Bioinformatics Asked by DumbledoreTheGrey on March 1, 2021
I am working on a project and used the following command:
vsearch --derep_fulllength filtered_merged.fa -sizeout -relabel Uniq -output dereplicated_filtered_merged.fa
and got the following output:
87373926 nt in 203453 seqs, min 310, max 480, avg 352
Sorting 100%
10981 unique sequences, avg cluster 2.0, median 1, max 1287
Writing output file 100%
The output had provided me with the data that 10981 unique sequences have been identified. But I cant seem to identify how many reads of the most common sequence were present in the input data.

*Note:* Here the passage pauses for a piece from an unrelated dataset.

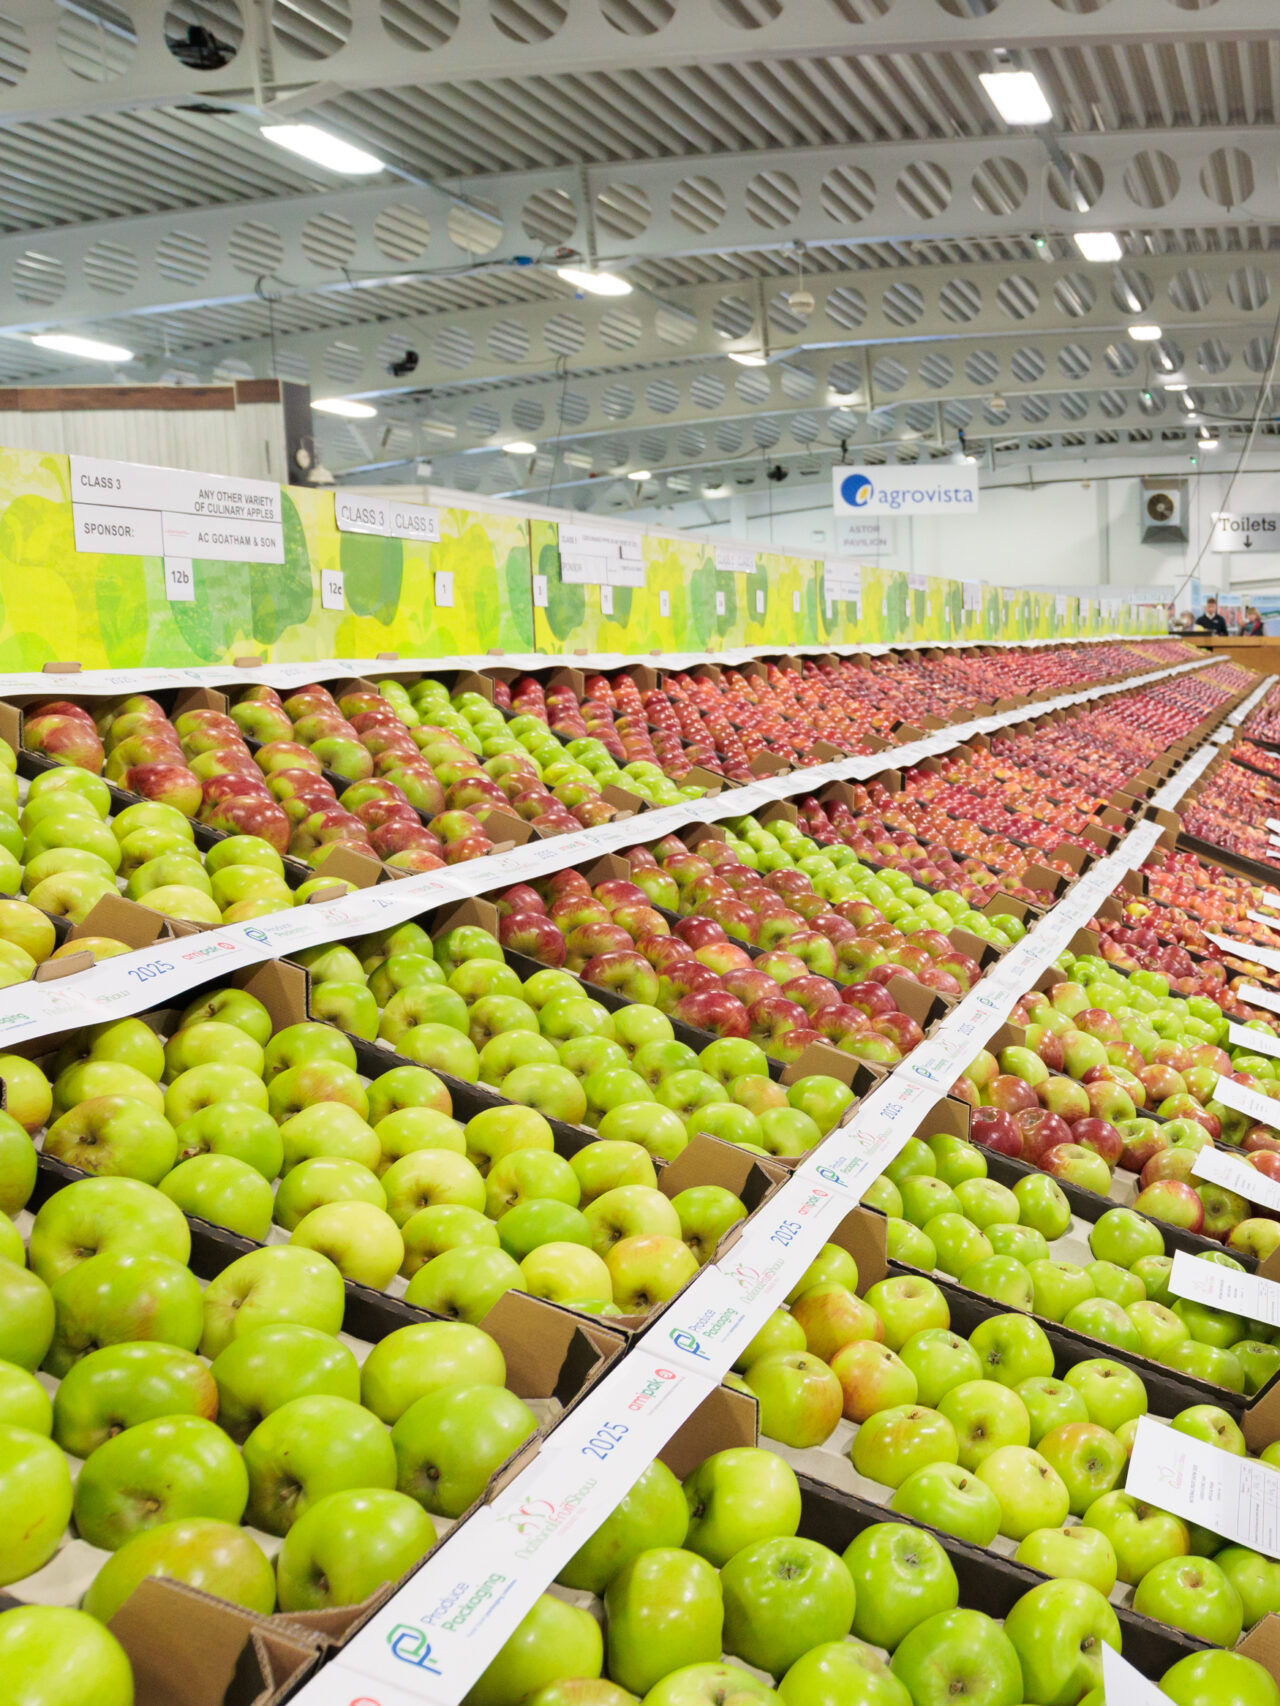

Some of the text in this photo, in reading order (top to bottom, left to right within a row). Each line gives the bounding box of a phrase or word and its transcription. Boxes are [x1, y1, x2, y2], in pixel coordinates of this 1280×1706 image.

Any suggestions will be kindly appreciated!
According to the VSEARCH docs, since you have specified --sizeout
your abundances have been written into the FASTA headers:
--sizeout
Take into account the abundance annotations present in the input fasta file (search for the pattern ’[>;]size=integer[;]’ in sequence headers). That option is active by default when rereplicating.
Add abundance annotations to the output fasta file (add the pattern ’;size=integer;’ to sequence headers). If --sizein is specified, each unique sequence receives a new abun- dance value corresponding to its total abundance (sum of the abundances of its occur- rences). If --sizein is not specified, input abundances are set to 1, and each unique sequence receives a new abundance value corresponding to its number of occurrences in the input file.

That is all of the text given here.